= ArtLords =

ArtLords is an artist collective based in Afghanistan. Between 2014 and 2022, ArtLords completed roughly 2,200 murals in multiple Afghan provinces. Murals covered a range of topics, including national and international social issues like corruption, human rights, and public health.

In addition to murals, ArtLords also ran a cafe in Kabul, published an arts and culture magazine, and had both in-person and online galleries.

== History ==
ArtLords was founded in 2014 by Omaid Sharifi and Kabir Mokamel. The collective's name was chosen to reference and contrast with drug lords and warlords, both of whom have had a negative impact on Afghanistan. Their first mural was "I See You," which gave rise to a larger mural project of the same name in which the group painted large sets of eyes to symbolize the visibility of corruption in the Afghan government. In 2016, the project won ArtLords a Sheikh Tamim Bin Hamad Al Thani Anti-Corruption Excellence Award for their mural project. As of 2019, the project comprised 70 murals.

In 2018, one of the group's murals, of activist Hamida Barmaki, was removed by a militant group. Between 2014 and 2022, ArtLords' artists faced threats of death and kidnapping from the Taliban and their supporters. Three artists were killed by IEDs.

As of 2020, the organization had 18 employees and worked with 54 Afghan artists. In 2021, the government of Afghanistan commissioned ArtLords to create a painting titled "The Unseen Afghanistan", which was then given to the United Nations Secretary-General.

As the Taliban began their takeover of Afghanistan, many ArtLords murals were defaced or destroyed, either by the Taliban or by the artists themselves in an effort to prevent Taliban officials from coming after the artists.

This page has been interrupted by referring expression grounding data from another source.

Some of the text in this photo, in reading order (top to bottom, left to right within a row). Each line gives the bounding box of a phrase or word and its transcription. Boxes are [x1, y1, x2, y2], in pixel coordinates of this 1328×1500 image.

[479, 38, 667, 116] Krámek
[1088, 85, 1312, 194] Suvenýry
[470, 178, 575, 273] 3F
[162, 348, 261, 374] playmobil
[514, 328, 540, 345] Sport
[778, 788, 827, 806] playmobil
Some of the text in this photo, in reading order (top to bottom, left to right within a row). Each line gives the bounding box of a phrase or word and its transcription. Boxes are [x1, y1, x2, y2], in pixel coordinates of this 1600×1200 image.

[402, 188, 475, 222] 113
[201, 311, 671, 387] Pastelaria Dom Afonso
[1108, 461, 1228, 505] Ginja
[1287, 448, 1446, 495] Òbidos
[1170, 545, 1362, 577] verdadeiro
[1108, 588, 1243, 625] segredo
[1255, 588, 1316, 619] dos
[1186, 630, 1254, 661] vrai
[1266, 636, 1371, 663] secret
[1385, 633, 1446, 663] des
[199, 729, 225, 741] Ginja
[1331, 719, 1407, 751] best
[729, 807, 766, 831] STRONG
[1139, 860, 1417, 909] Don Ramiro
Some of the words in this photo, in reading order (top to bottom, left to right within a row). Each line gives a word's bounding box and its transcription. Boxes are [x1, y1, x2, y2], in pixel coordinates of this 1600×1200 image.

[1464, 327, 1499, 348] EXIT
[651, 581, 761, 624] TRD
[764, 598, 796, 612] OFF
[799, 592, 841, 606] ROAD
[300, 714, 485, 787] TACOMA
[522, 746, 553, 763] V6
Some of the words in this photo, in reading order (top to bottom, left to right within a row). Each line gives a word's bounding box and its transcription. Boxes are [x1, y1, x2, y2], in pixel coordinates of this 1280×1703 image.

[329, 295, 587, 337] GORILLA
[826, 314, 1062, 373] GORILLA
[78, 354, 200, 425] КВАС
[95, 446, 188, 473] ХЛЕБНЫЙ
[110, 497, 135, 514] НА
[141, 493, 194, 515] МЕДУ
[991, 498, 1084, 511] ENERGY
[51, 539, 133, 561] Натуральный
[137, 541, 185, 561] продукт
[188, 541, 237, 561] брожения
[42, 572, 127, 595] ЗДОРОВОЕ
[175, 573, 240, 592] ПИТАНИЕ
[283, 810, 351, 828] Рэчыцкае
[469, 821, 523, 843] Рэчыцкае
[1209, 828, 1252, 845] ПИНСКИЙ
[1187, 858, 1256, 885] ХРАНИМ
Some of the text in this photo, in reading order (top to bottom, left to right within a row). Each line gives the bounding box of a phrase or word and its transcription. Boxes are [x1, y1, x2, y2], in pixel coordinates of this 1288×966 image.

ArtLords was painting a mural in Kabul when the Taliban entered the city.

Following the Fall of Kabul in 2021, a number of ArtLords artists attempted to flee the country. The organization has since established offices in Virginia, the United States, and Istanbul, Turkey. Co-founder Sharifi received a fellowship in Harvard University’s Scholars at Risk Program. Five artists were relocated to the American state of Vermont, where they recreated temporary versions of some of their murals.

== Murals ==
Between 2014 and 2022, ArtLords completed roughly 2,200 murals in multiple Afghan provinces. Most of these murals were painted on blast walls which had been erected beginning in the early 2000s. In addition to the walls being good canvases, the collective also suggests that introducing art to the walls creates "a positive, uplifting visual experience" for local residents.

Murals covered a range of topics, including celebrating Afghan workers and raising awareness of national and international social issues like corruption, human rights (including education, the murder of George Floyd, and the killing of Japanese physician Tetsu Nakamura), and public health (including advocating for polio vaccination). The organization described themselves as being welcomed wherever they went to paint murals, which they attributed in part to their collaborative nature; artists utilized a "paint-by-numbers" design and would encourage local residents to join them in painting the mural.

== Recognition ==
In December 2015, the group had an exhibition in Berlin.

In 2019, the Index on Censorship nominated ArtLords for their 2019 Freedom of Expression Award.